(Saved entries)

-- Opening Marker --

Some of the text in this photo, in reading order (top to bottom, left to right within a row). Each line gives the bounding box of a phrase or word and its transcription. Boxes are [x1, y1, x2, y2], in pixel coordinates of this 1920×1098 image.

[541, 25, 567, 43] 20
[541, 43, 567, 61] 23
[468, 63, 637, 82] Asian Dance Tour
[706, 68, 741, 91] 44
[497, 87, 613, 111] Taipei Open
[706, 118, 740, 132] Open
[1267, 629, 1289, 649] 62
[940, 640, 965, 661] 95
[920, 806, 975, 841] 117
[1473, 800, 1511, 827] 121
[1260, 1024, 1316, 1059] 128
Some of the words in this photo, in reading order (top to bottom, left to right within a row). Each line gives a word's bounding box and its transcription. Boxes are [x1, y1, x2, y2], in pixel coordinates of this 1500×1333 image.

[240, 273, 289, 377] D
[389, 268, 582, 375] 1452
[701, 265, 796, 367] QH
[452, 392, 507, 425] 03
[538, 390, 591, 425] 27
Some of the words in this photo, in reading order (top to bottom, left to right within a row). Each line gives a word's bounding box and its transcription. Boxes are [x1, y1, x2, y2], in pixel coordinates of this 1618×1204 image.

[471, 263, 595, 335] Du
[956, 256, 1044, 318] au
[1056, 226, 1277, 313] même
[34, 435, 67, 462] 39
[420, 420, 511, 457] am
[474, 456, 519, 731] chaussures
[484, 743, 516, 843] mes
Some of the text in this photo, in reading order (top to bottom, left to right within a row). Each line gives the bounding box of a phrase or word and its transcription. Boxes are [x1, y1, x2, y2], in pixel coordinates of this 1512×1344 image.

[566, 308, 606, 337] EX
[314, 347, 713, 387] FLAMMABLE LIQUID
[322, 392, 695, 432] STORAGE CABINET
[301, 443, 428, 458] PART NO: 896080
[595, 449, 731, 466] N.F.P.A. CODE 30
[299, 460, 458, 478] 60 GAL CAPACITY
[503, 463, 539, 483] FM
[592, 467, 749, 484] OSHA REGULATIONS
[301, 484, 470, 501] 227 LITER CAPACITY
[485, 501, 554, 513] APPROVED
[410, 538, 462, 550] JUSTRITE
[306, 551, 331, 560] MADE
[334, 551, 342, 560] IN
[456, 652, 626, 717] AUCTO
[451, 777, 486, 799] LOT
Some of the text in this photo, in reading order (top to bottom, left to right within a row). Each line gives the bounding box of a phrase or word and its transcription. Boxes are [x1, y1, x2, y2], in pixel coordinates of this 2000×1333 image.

-- Closing Marker --

### Your assignment
Each line of the data is to be transcribed exactly, with nothing left out.

### Exercise solution
Some of the text in this photo, in reading order (top to bottom, left to right within a row). Each line gives the bounding box of a phrase or word and its transcription. Boxes are [x1, y1, x2, y2], in pixel coordinates of this 1920×1098 image.

[541, 25, 567, 43] 20
[541, 43, 567, 61] 23
[468, 63, 637, 82] Asian Dance Tour
[706, 68, 741, 91] 44
[497, 87, 613, 111] Taipei Open
[706, 118, 740, 132] Open
[1267, 629, 1289, 649] 62
[940, 640, 965, 661] 95
[920, 806, 975, 841] 117
[1473, 800, 1511, 827] 121
[1260, 1024, 1316, 1059] 128
Some of the words in this photo, in reading order (top to bottom, left to right within a row). Each line gives a word's bounding box and its transcription. Boxes are [x1, y1, x2, y2], in pixel coordinates of this 1500×1333 image.

[240, 273, 289, 377] D
[389, 268, 582, 375] 1452
[701, 265, 796, 367] QH
[452, 392, 507, 425] 03
[538, 390, 591, 425] 27
Some of the words in this photo, in reading order (top to bottom, left to right within a row). Each line gives a word's bounding box and its transcription. Boxes are [x1, y1, x2, y2], in pixel coordinates of this 1618×1204 image.

[471, 263, 595, 335] Du
[956, 256, 1044, 318] au
[1056, 226, 1277, 313] même
[34, 435, 67, 462] 39
[420, 420, 511, 457] am
[474, 456, 519, 731] chaussures
[484, 743, 516, 843] mes
Some of the text in this photo, in reading order (top to bottom, left to right within a row). Each line gives the bounding box of a phrase or word and its transcription. Boxes are [x1, y1, x2, y2], in pixel coordinates of this 1512×1344 image.

[566, 308, 606, 337] EX
[314, 347, 713, 387] FLAMMABLE LIQUID
[322, 392, 695, 432] STORAGE CABINET
[301, 443, 428, 458] PART NO: 896080
[595, 449, 731, 466] N.F.P.A. CODE 30
[299, 460, 458, 478] 60 GAL CAPACITY
[503, 463, 539, 483] FM
[592, 467, 749, 484] OSHA REGULATIONS
[301, 484, 470, 501] 227 LITER CAPACITY
[485, 501, 554, 513] APPROVED
[410, 538, 462, 550] JUSTRITE
[306, 551, 331, 560] MADE
[334, 551, 342, 560] IN
[456, 652, 626, 717] AUCTO
[451, 777, 486, 799] LOT
Some of the text in this photo, in reading order (top to bottom, left to right within a row). Each line gives the bounding box of a phrase or word and its transcription. Boxes are [x1, y1, x2, y2], in pixel coordinates of this 2000×1333 image.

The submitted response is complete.